AWS 環境における Generative AI とセキュリティのジレンマ最近 Amazon Qに対して、AWS のリソースの設定を自然言語で確認すると、その設定を返してくれるようになりましたが、GuardDutyにとってAmazon Qのふるまいはスキャン行為そのもののため誤ってアラートを上げる、という話になります。もしGuardDutyが呼び出し元にフォーカスし、Amazon Q から呼び出されたのかとか、信頼されているアプリが呼び出されたのかで Severity をコントロールするようにしないとこの誤検知は減らないわけですが、その一方で、悪人がAmazon Qを利用した攻撃を行った場合一律で除外してしまうと拙いよね、という話でした。完璧はないということですね。

サイバー犯罪の最前線で戦う部隊　脅威情報分析の役割とは？学校における回覧板の回覧から飲食店でのオーダー、政府からのワクチン接種のアンケートなど、今や日本の基幹インフラと言えるLINE（LINEヤフー）、この会社のセキュリティは当然日本でも最高レベルでしょう。ハッカーにとっては宝の山。毎日のように攻撃を受けているとのことです。セキュリティを見ている人たちにとっては本当にたいへんでしょうね…。脅威情報の分析を行う専門チームを社内に擁するのはさすがLINEヤフー。LINEヤフーの規模になると警察とも連携しているというのは驚きです。LINEヤフーレベルにもなれば、ダークネットやテレグラムなどで攻撃者のやり取りを覗いてトレンドをチェックしたりするのですね。読み物としてとても興味深かったです。

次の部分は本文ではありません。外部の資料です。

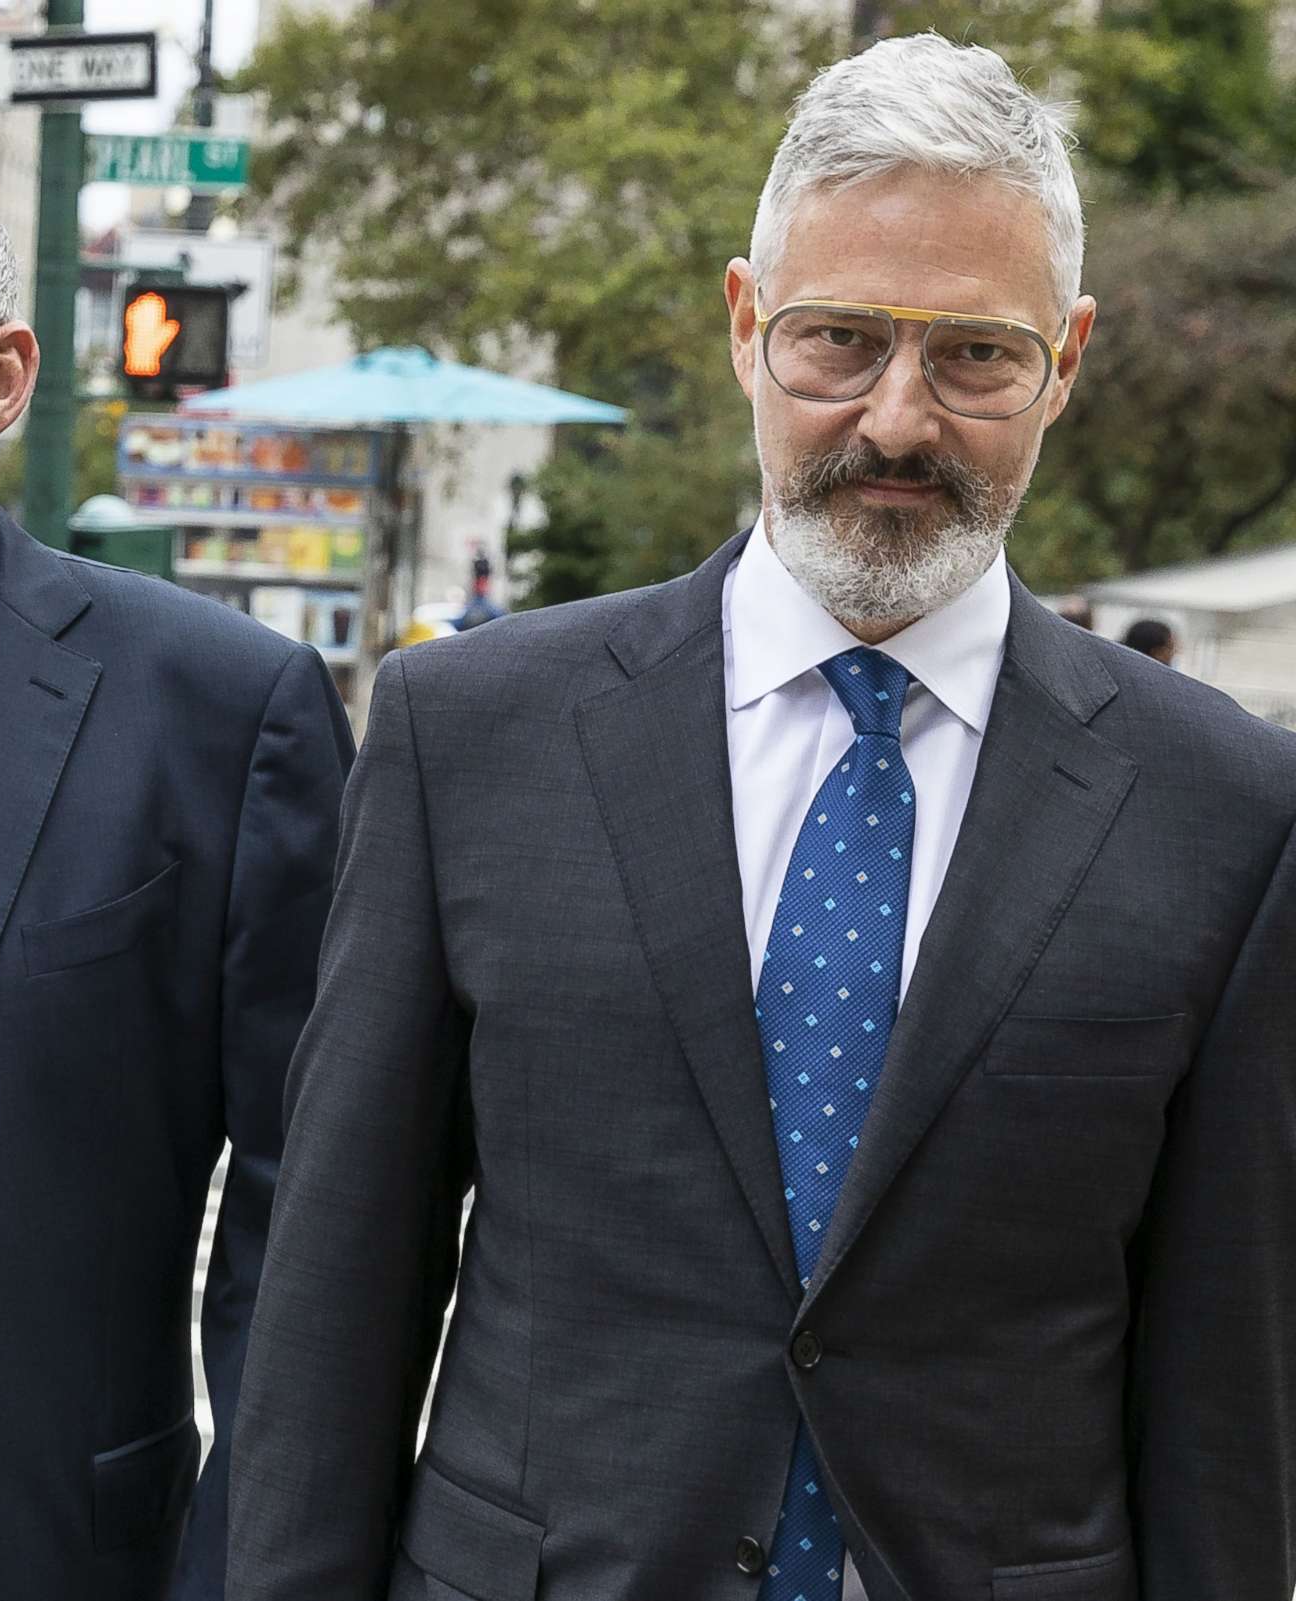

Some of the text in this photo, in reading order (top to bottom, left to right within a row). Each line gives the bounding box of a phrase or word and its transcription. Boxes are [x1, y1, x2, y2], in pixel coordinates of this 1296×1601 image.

[14, 48, 139, 86] ONE WAY
[96, 138, 240, 181] PEARL ST

「セキュリティ」とはなにか自分に似たような役割の人の記事のため参考になりました。

「なぜセキュリティをやるのか」「どこまでやるのか」を言語化すること

プロダクトに関するセキュリティは「プロダクトセキュリティ」、コーポレートIT / 情シス管掌の範囲は「コーポレートセキュリティ」のように分かれがちです。しかし、これって分かれていては本来はダメで、ひとつのテーブルの上で「組織のセキュリティ」として一緒くたに語られるべきものだと考えています。ひとつのテーブルの上で「いま優先して行うべきことはなにか？」を議論できる世界が理想的です（弊社ができているとは言っていない）

「従業員はセキュアな行動を意識的 / 無意識に行える状態」、かつ「組織もそのような行動を称賛・支援し、意思決定を行える状態」にどの程度なっているかを可視化して、ギャップを埋めていこう

御意！

私のセキュリティ情報収集法を整理してみた（2025年版）最後はこちらの記事を。タイトルから分かるように、2024年版もあります。海外のセキュリティまとめサイトはたくさんあるのですね。日本語という井の中の蛙でしたので知りませんでした。翻訳の精度が挙がったものの、やはり外国語の壁は高いです。しかしこのサイトの方がおっしゃるように、まとめサイトのトップページをGoogleChromeの翻訳機能で日本語訳するだけでも、世界で何が起こっているのかを知ることができるので良いと思いました。

おススメの上記サイトをさっそく巡回サイトとして登録しました。